SILENCE! #135

March 16th, 2015

 

YOU CAN CRY, YOU CAN MOPE, BUT CAN YOU SWING FROM A GOOD ROPE?

Ahh yes…um, look okay everyone…stop talking please…can you…can you… sorry, can you just… look please just sit down and stop talk… um hello? HELLO? I said..I SAID.. can you please just…no look put that down and just… look will you stop talking for just one… what? yes, well just come in and sit down and try not to… excuse me, would you mind just…? Look will you be quiet for just one..what? Yes..what? Yes I AM the substitute blurb writer, why do you… look can you just put that..no, no I COULD actually be a full time blurb writer if…what? Sorry, can you..OUCH! OKAY!!! WHO THREW THAT GRAPHIC NOVEL AT MY HEAD??? You KNOW how much those fully painted numbers weigh…Okay…now just settle down. Settle…what?
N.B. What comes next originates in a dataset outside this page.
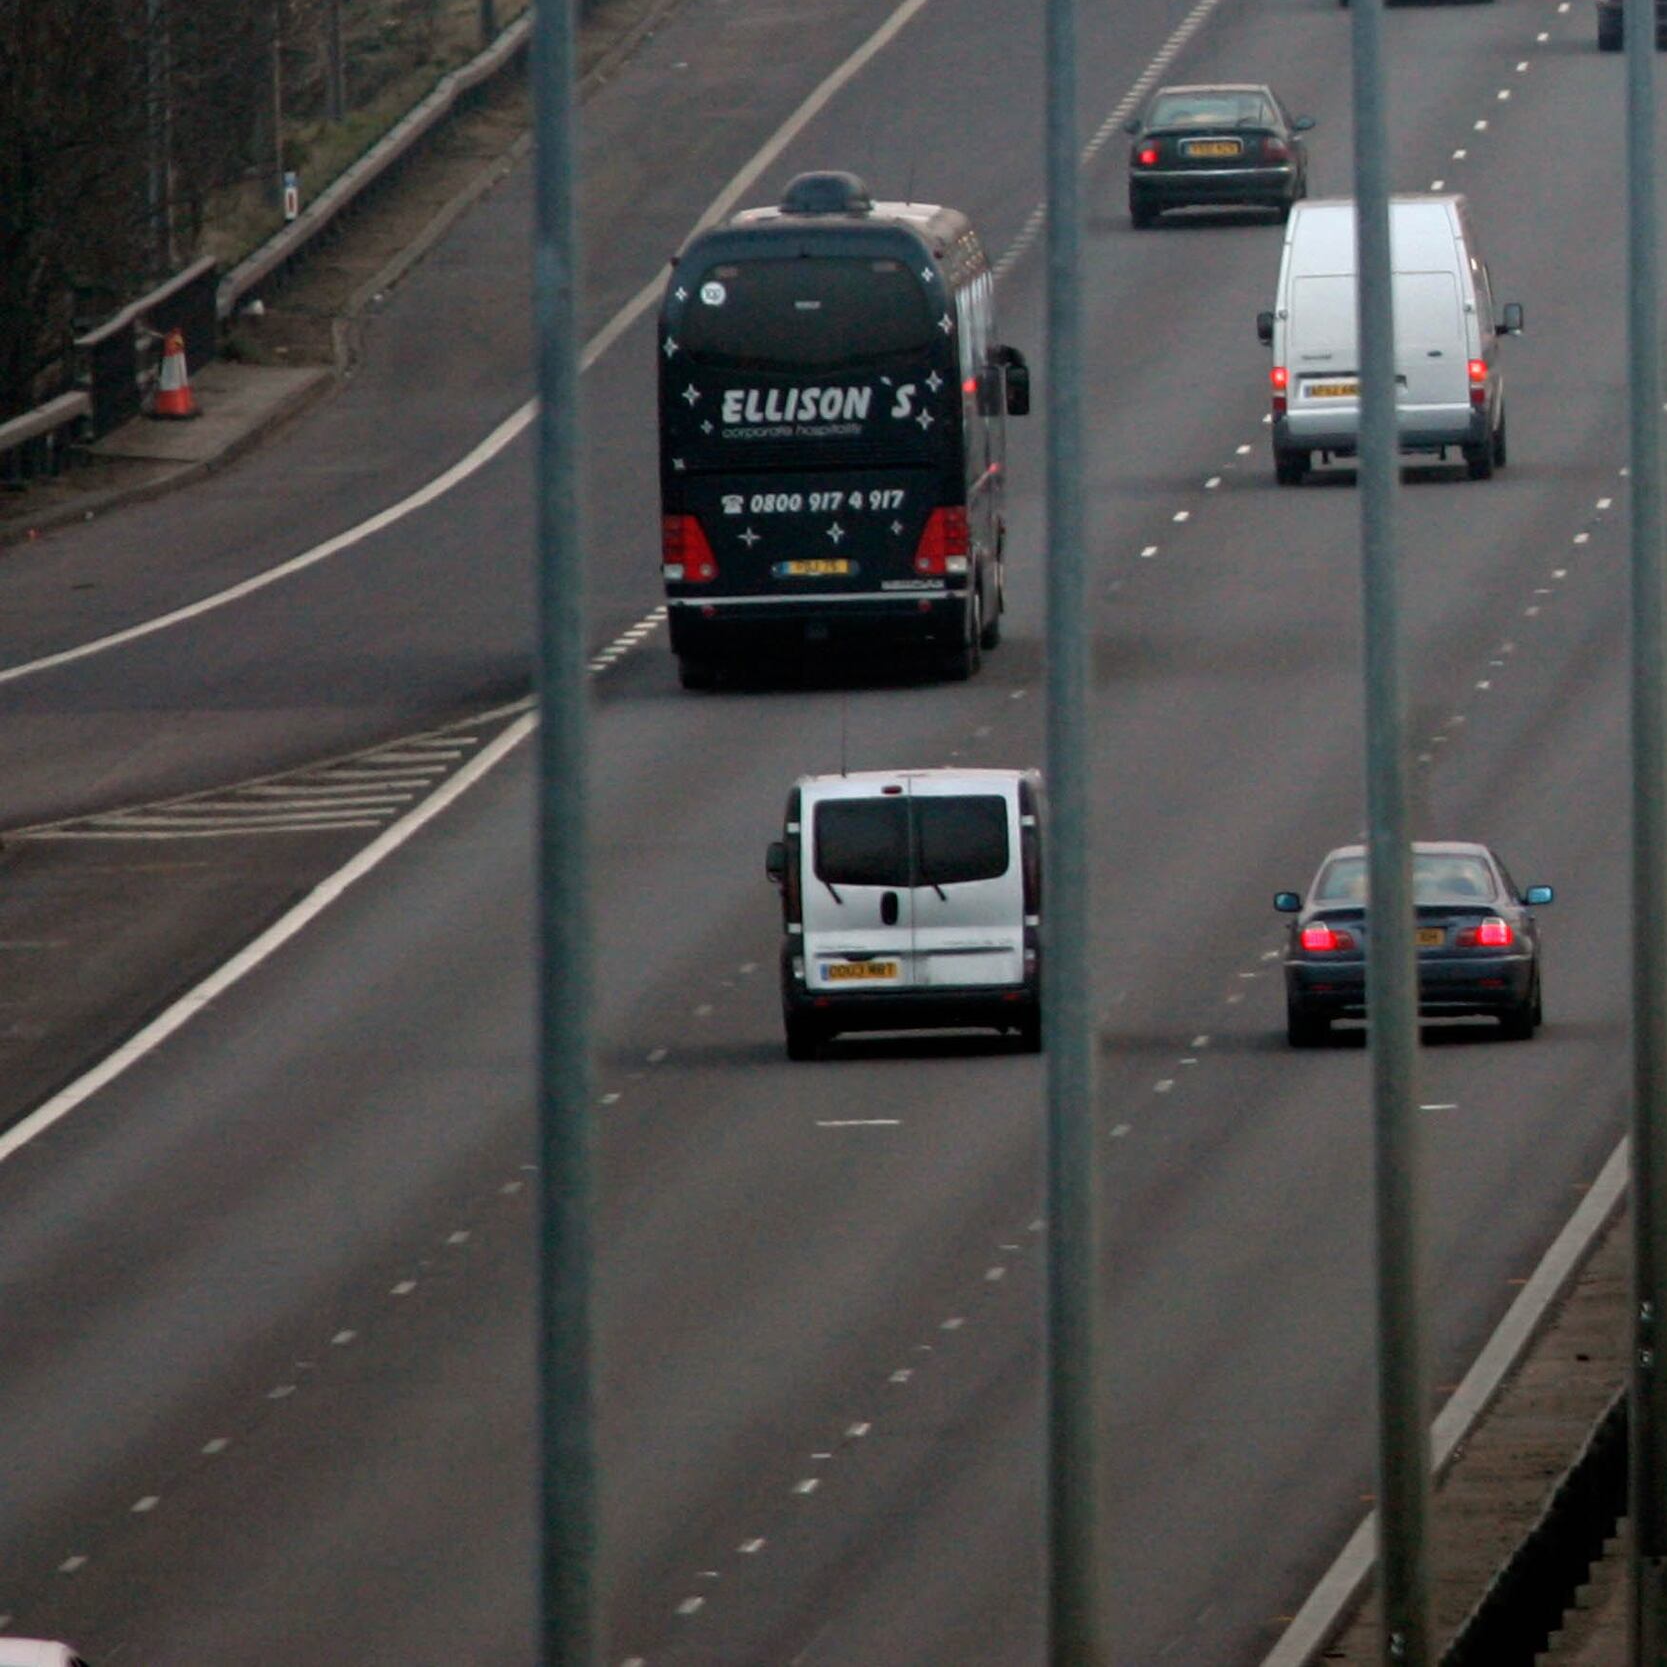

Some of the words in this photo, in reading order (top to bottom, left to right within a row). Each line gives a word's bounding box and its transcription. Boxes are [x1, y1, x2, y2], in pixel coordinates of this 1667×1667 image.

[750, 493, 802, 514] 0800
[808, 491, 843, 511] 917
[869, 489, 905, 509] 917
WHAT? What do you mean I’ve run out of

<ITEM> The Beast Must Die & Gary Lactus have a particularly itchy case of the sponsorshingles, with the usual nods to Dave’s Comics and Gosh Comics, and an in-depth discussion of Zoos.
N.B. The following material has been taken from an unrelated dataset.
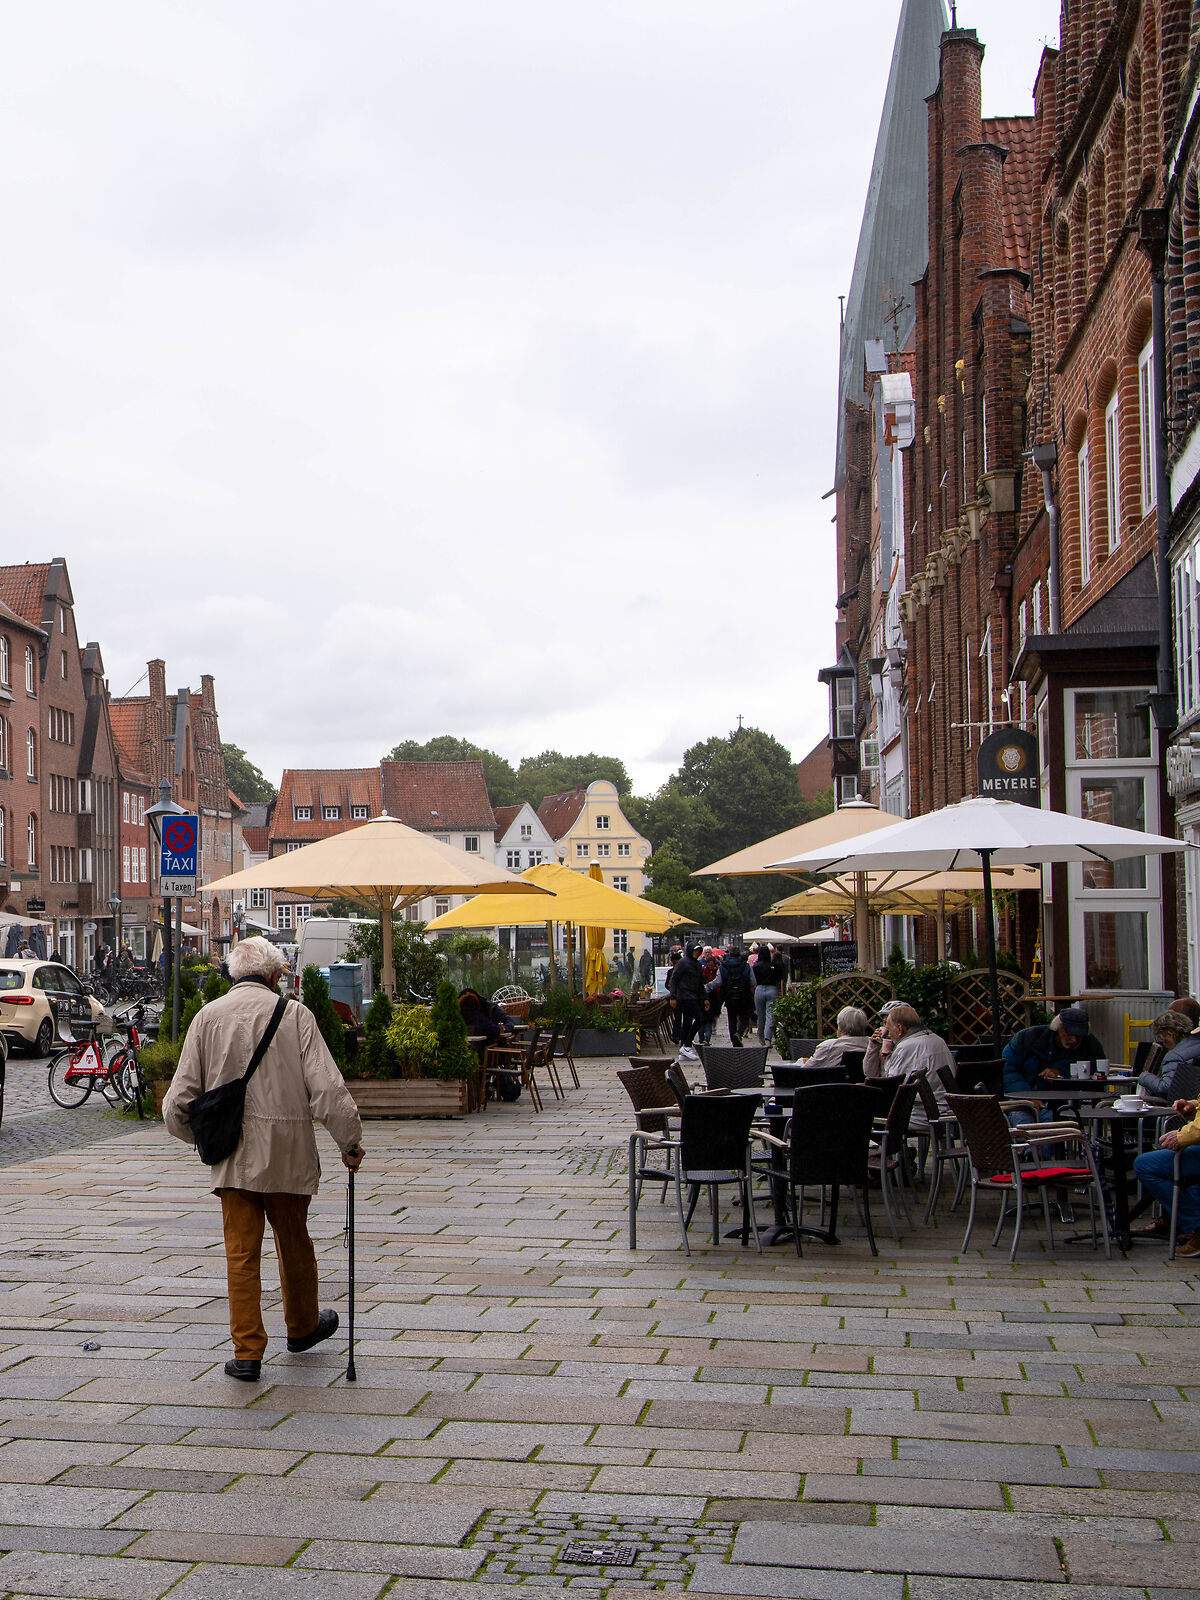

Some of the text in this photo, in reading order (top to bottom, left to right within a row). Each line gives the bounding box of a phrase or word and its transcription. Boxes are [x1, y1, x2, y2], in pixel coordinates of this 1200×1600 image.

<ITEM> A smart tug on the winkie and we’re off into the Reviewniverse, with hearty happy earthy discussions of Star Wars, Darth Vader, Princess Leia, Surface, Ms Marvel, Ragnarok, Rat God, Howard The Duck, Steve Gerber, Marvel Dinner Comics, Hellbreak, Fantastic Four, Southern Cross and much much much much (not) much more.
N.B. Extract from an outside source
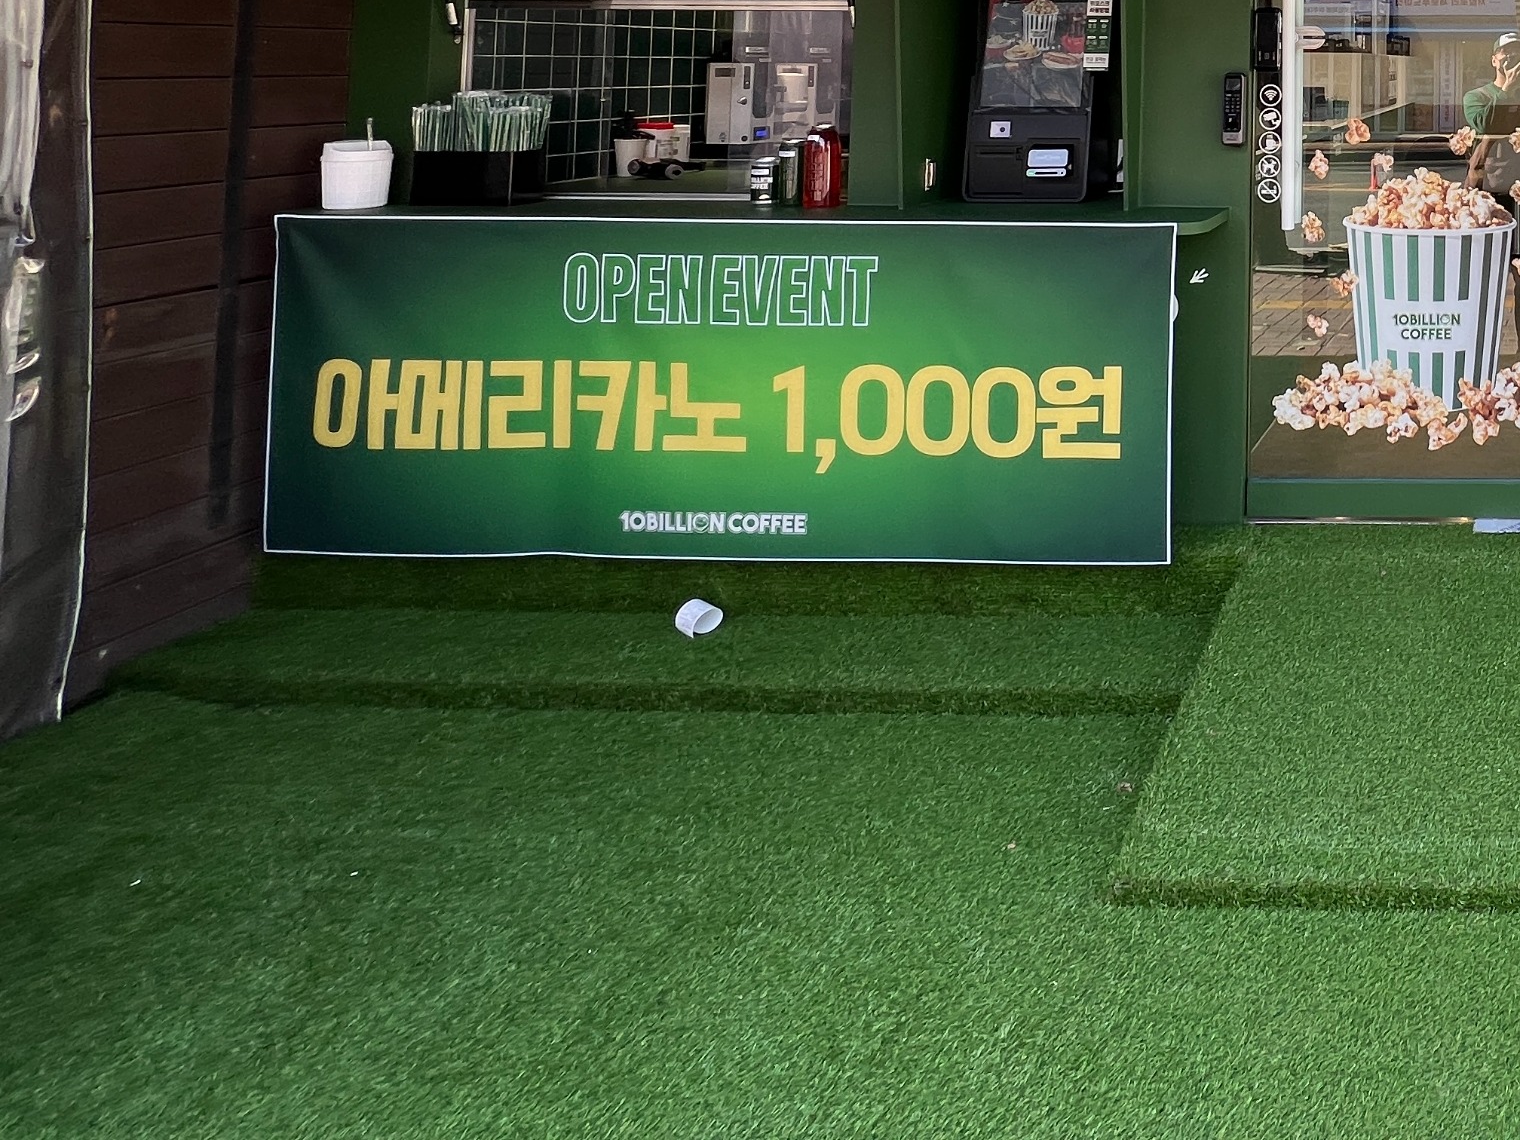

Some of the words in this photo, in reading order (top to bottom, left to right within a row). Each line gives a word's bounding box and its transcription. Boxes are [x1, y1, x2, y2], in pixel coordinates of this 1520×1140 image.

<ITEM> It’s the brand new movie section we’re calling Everything Comes Back To Rocky IV, as The Beast discusses recent filmic treats Godzilla and Edge Of Tomorrow: Live, Die, Repeat, Cruise. He also watched Cloudy With A Chance of Meatballs 2 but he’s not going to tell you the Dear Listeners, about that. The Tacodile was pretty great though, right?

<ITEM> Come on, we all need a good wee and some dinner, so let’s call it a night, eh? Have a good SILENCE!

Click to download SILENCE!#135

Contact us:

[email protected]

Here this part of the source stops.